_Work to complete_
Set every record down again exactly. Do not carry over the pictures.

[Opening Available data section]

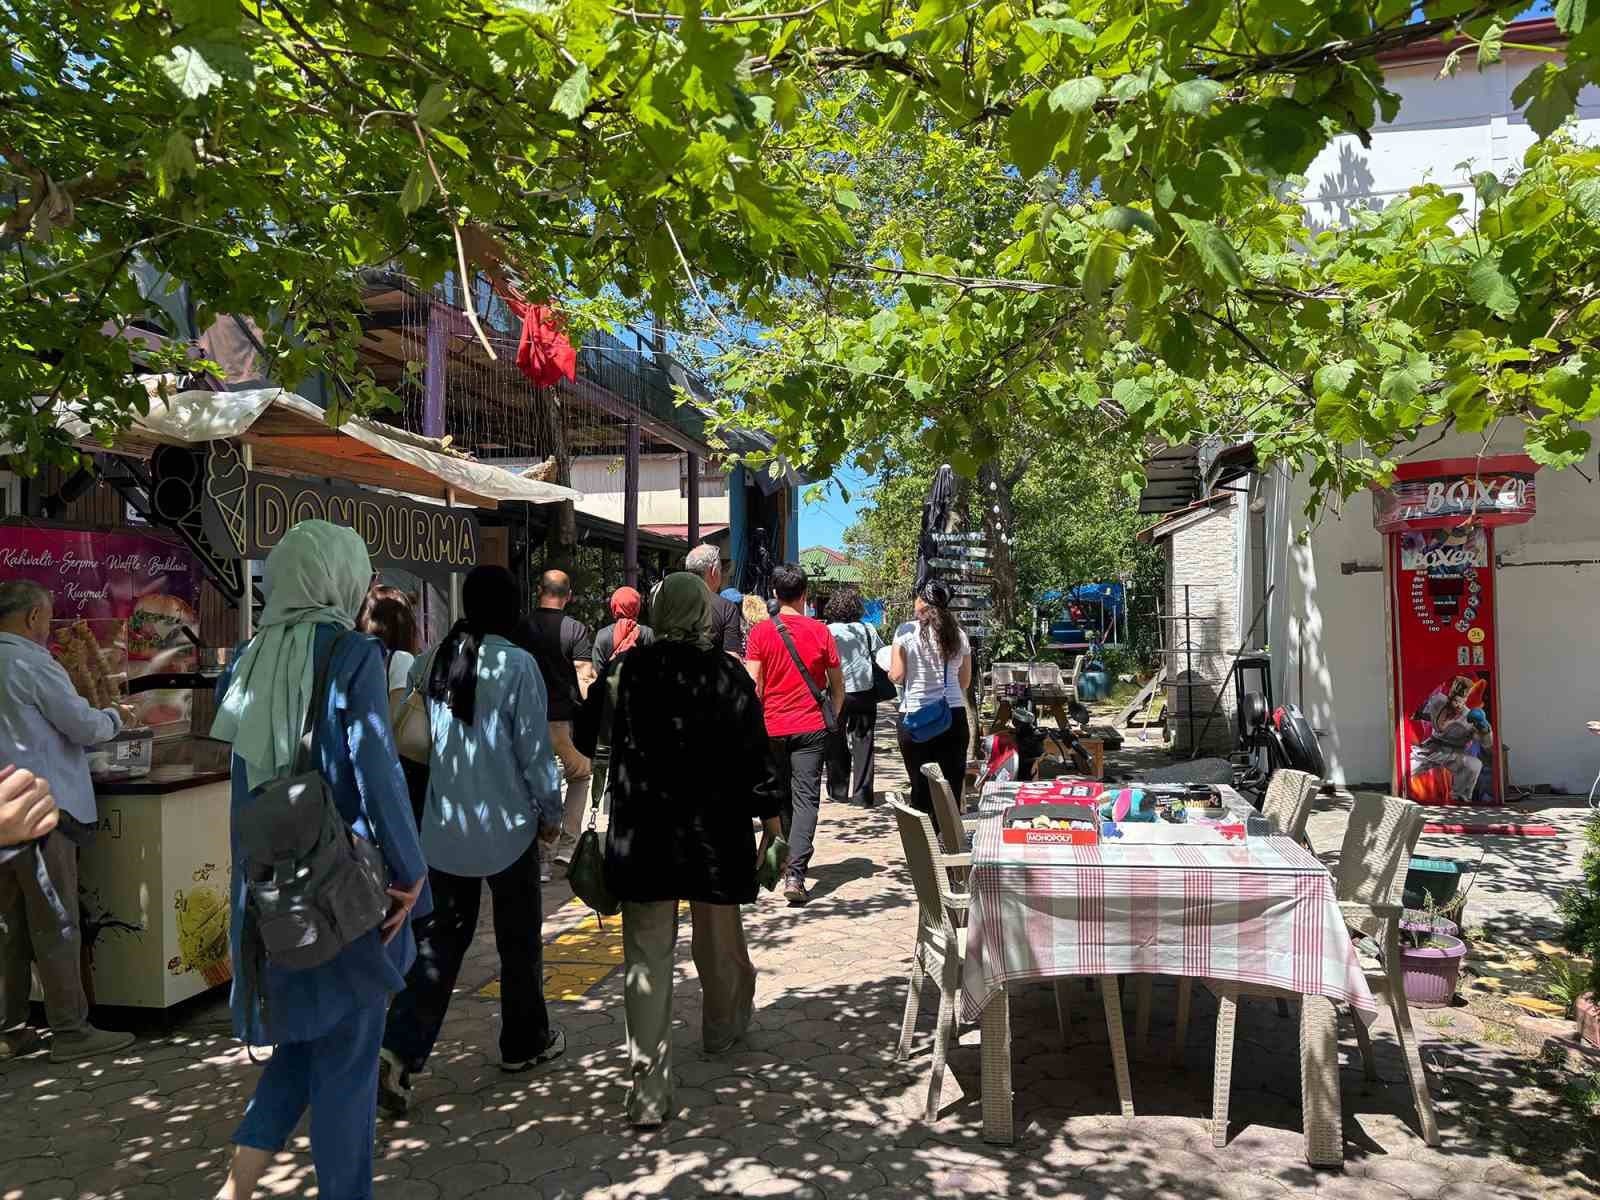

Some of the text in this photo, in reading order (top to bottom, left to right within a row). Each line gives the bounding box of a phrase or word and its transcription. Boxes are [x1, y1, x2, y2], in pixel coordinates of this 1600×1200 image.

[1425, 477, 1526, 513] BOXER
[256, 484, 475, 566] DONDURMA
[106, 554, 140, 573] Waffle
[1027, 833, 1071, 843] MONOPOLY
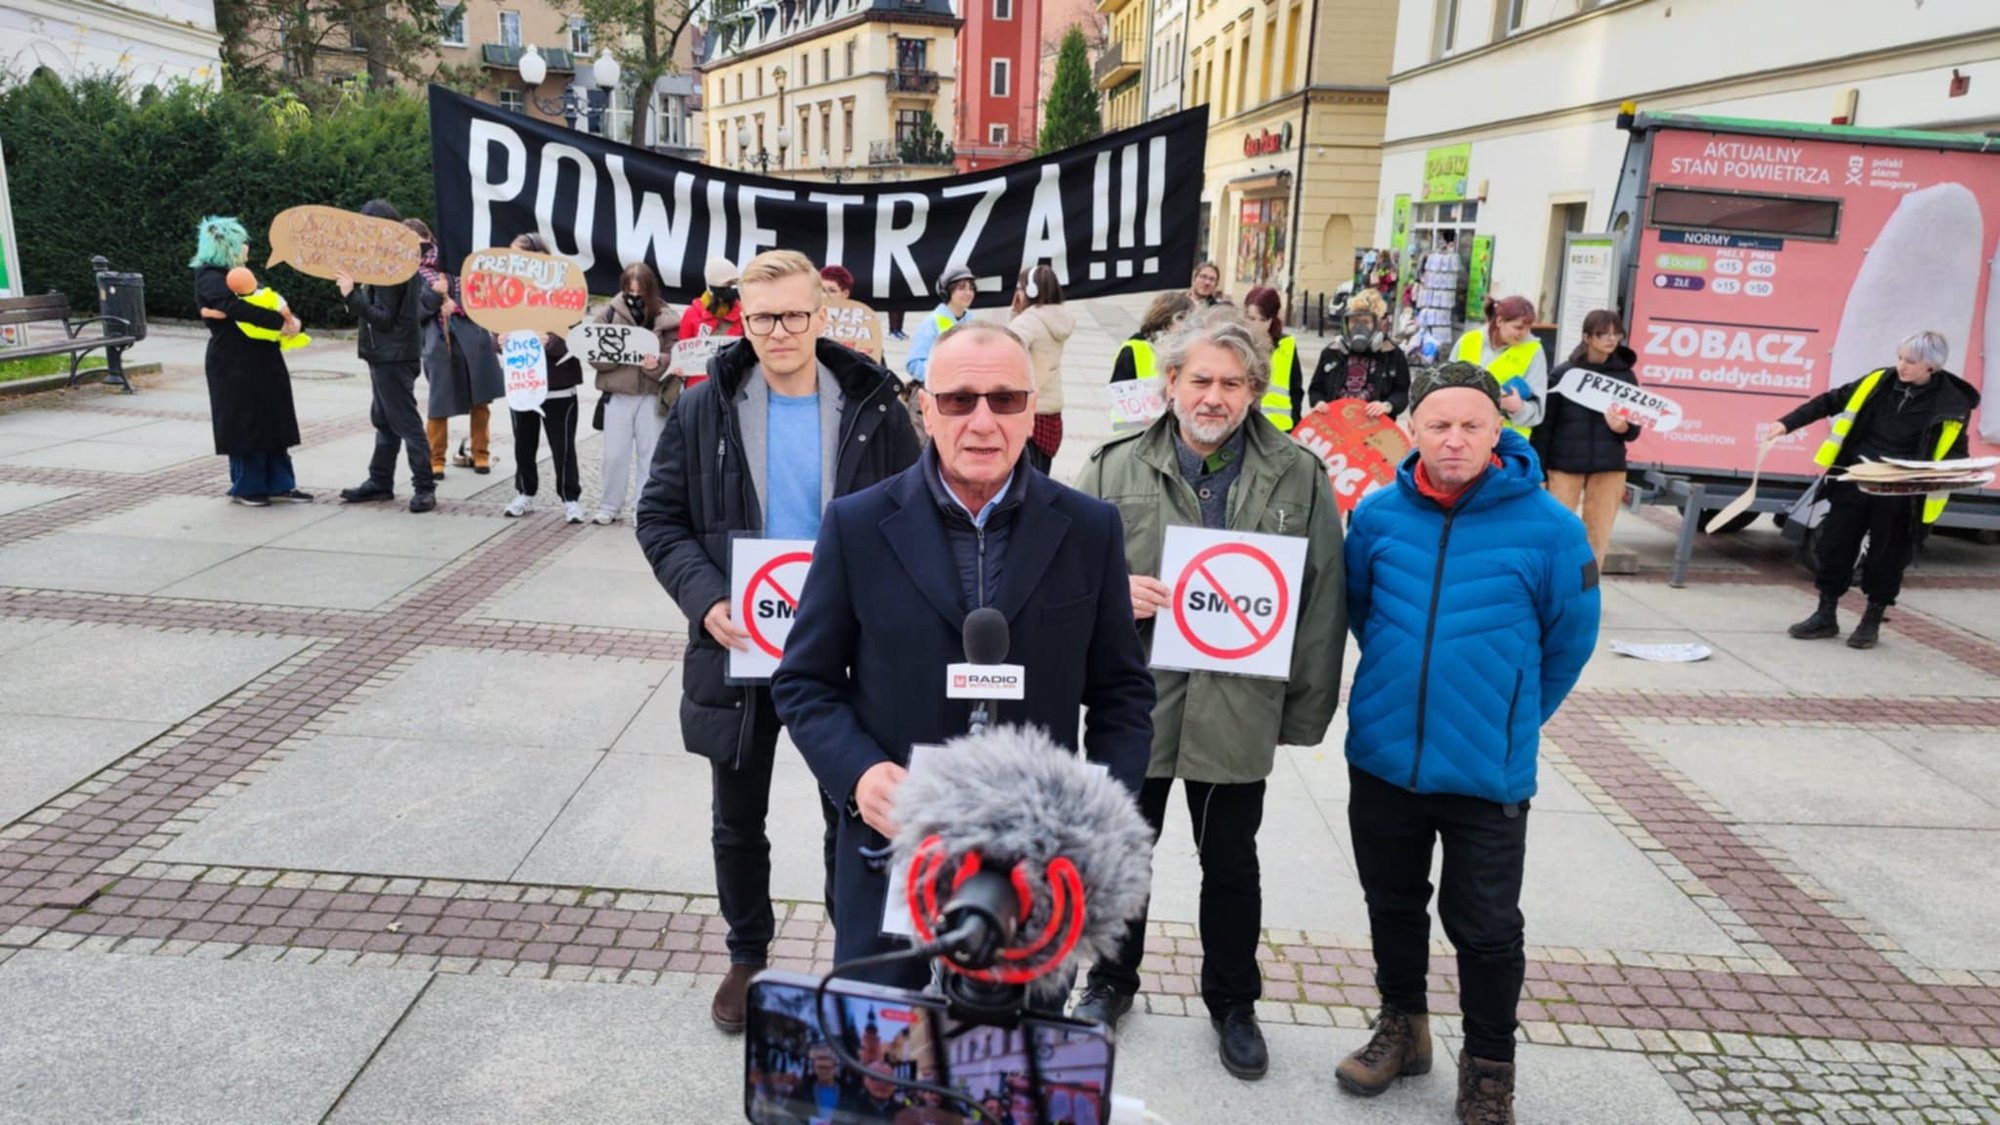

[Closing Available data section]

_Exercise result_
Some of the text in this photo, in reading order (top to bottom, left to right within a row). Each line gives the bounding box of a phrase or word and its transcription. Boxes are [x1, y1, x2, y2], in pixel coordinates of this 1600×1200 image.

[1425, 477, 1526, 513] BOXER
[256, 484, 475, 566] DONDURMA
[106, 554, 140, 573] Waffle
[1027, 833, 1071, 843] MONOPOLY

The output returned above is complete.